Prompt => Nothing but the images is to be left out of your exact copy of the entries.

■ ■ ■

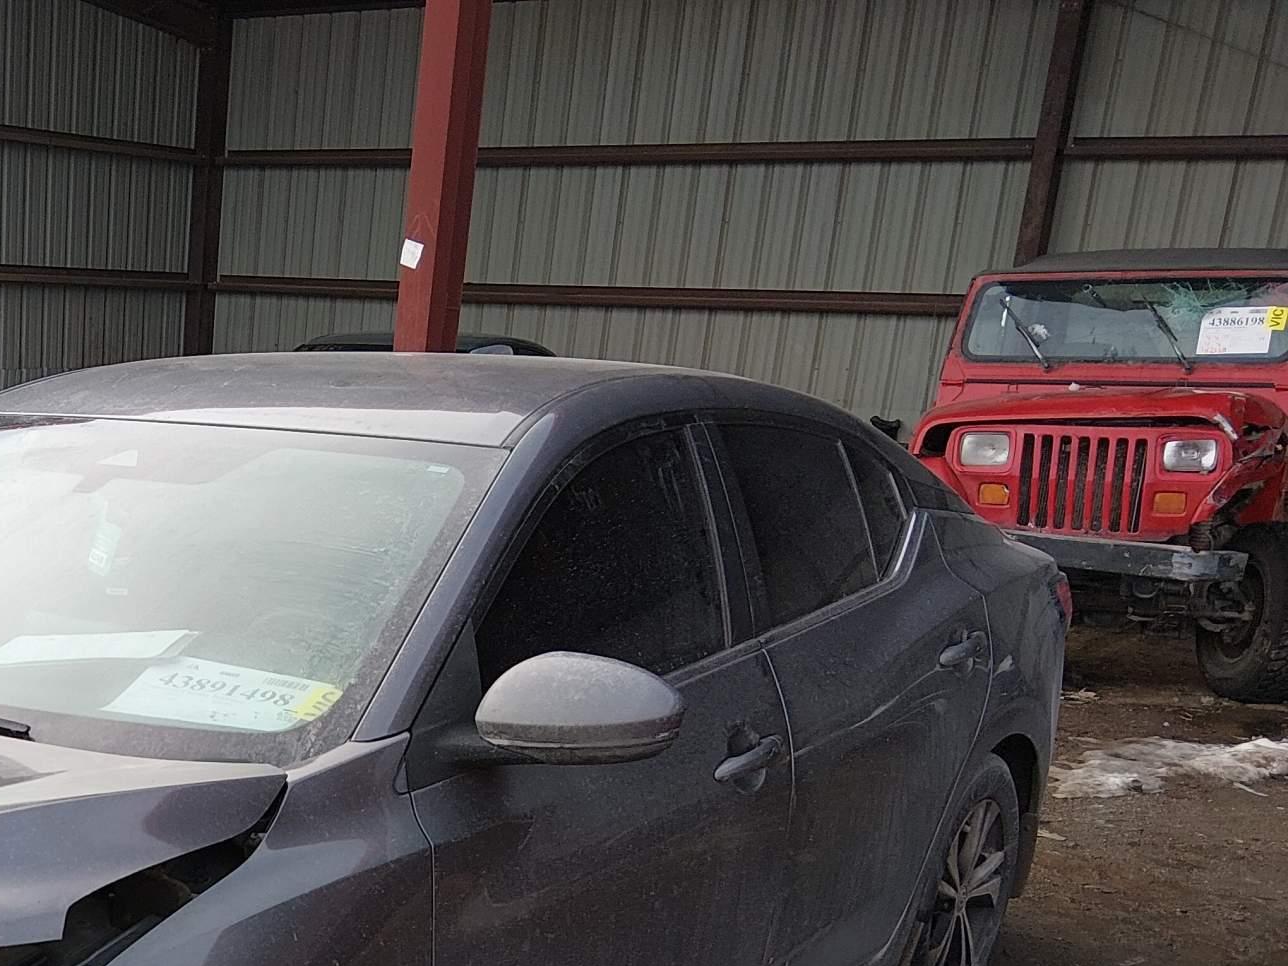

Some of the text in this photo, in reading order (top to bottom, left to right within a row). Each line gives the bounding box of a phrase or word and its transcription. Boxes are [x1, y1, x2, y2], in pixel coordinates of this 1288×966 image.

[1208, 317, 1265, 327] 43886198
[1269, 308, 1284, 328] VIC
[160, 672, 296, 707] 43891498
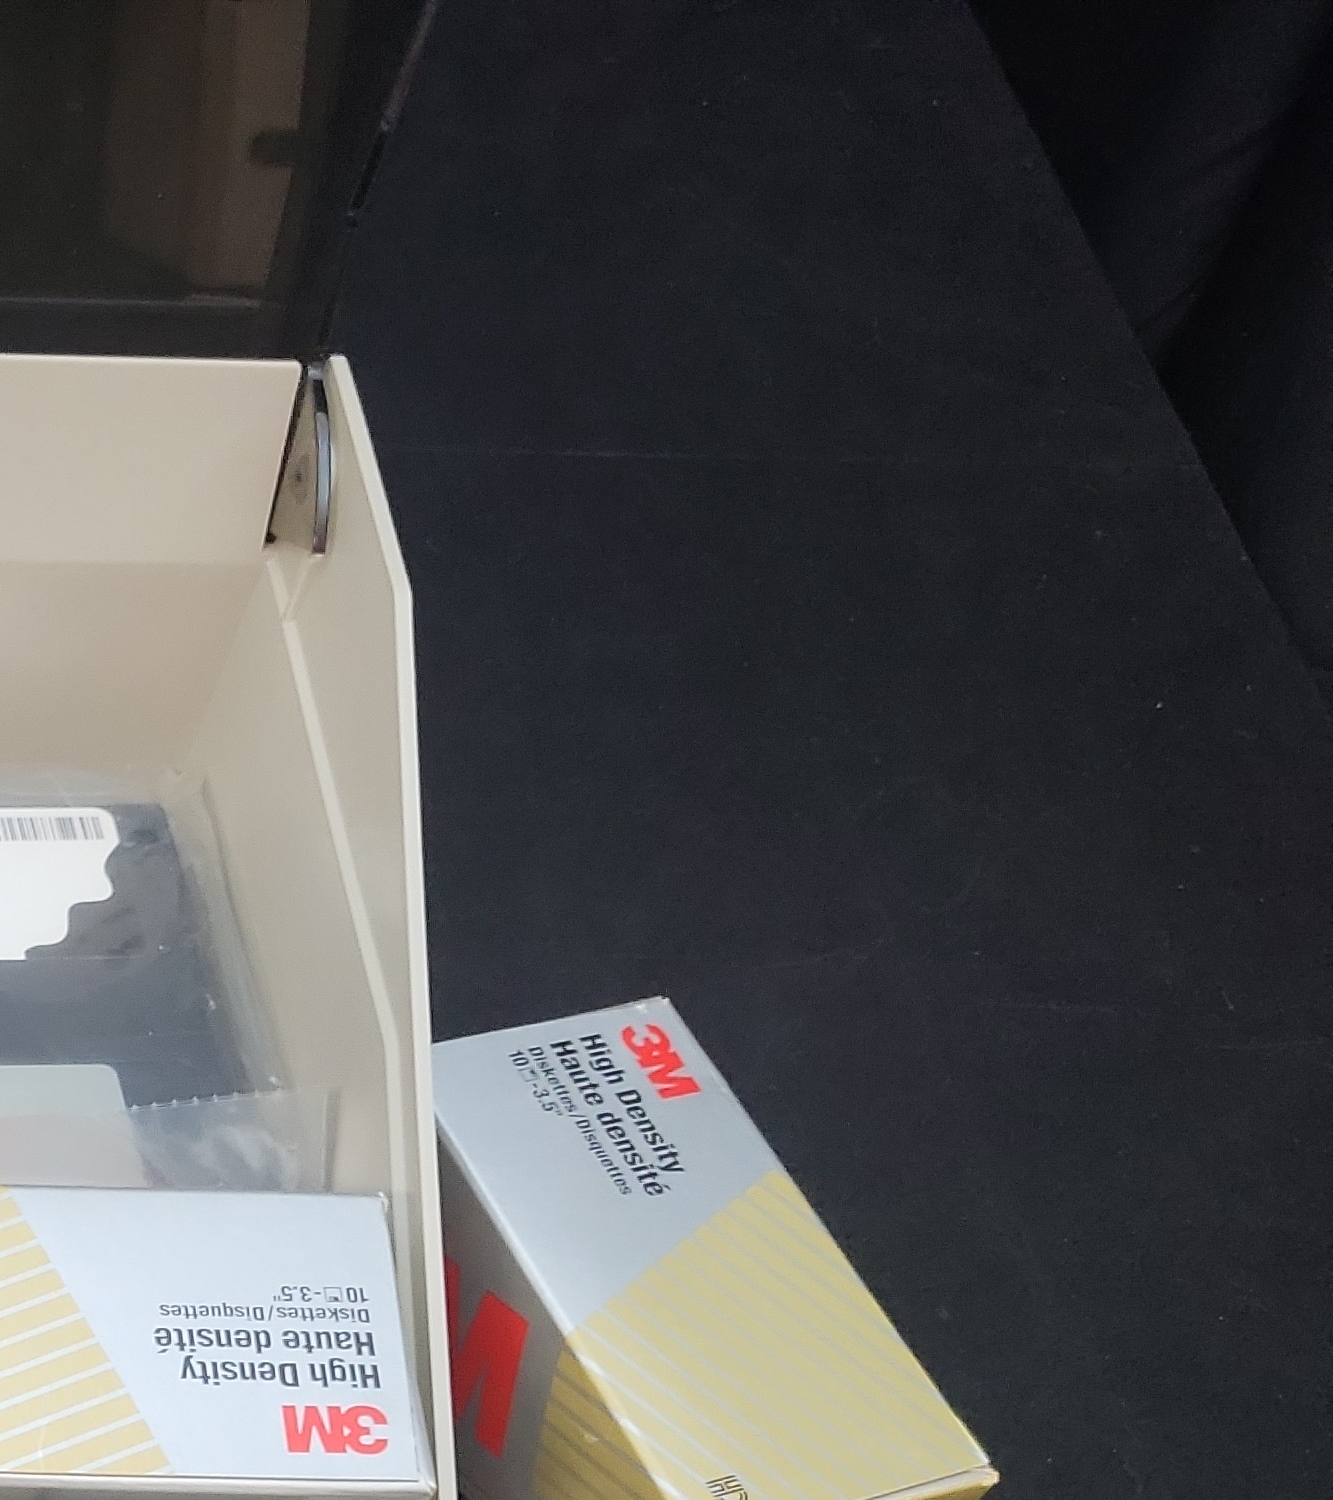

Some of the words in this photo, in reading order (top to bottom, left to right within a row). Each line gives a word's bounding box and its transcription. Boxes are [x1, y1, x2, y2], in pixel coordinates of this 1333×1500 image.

■ ■ ■

Response =>
Some of the text in this photo, in reading order (top to bottom, left to right within a row). Each line gives the bounding box of a phrase or word and its transcription. Boxes are [x1, y1, x2, y2], in pixel coordinates of this 1288×966 image.

[1208, 317, 1265, 327] 43886198
[1269, 308, 1284, 328] VIC
[160, 672, 296, 707] 43891498

Some of the words in this photo, in reading order (top to bottom, left to right within a row). Each line gives a word's bounding box and its transcription. Boxes are [x1, y1, x2, y2], in pixel coordinates of this 1333×1500 image.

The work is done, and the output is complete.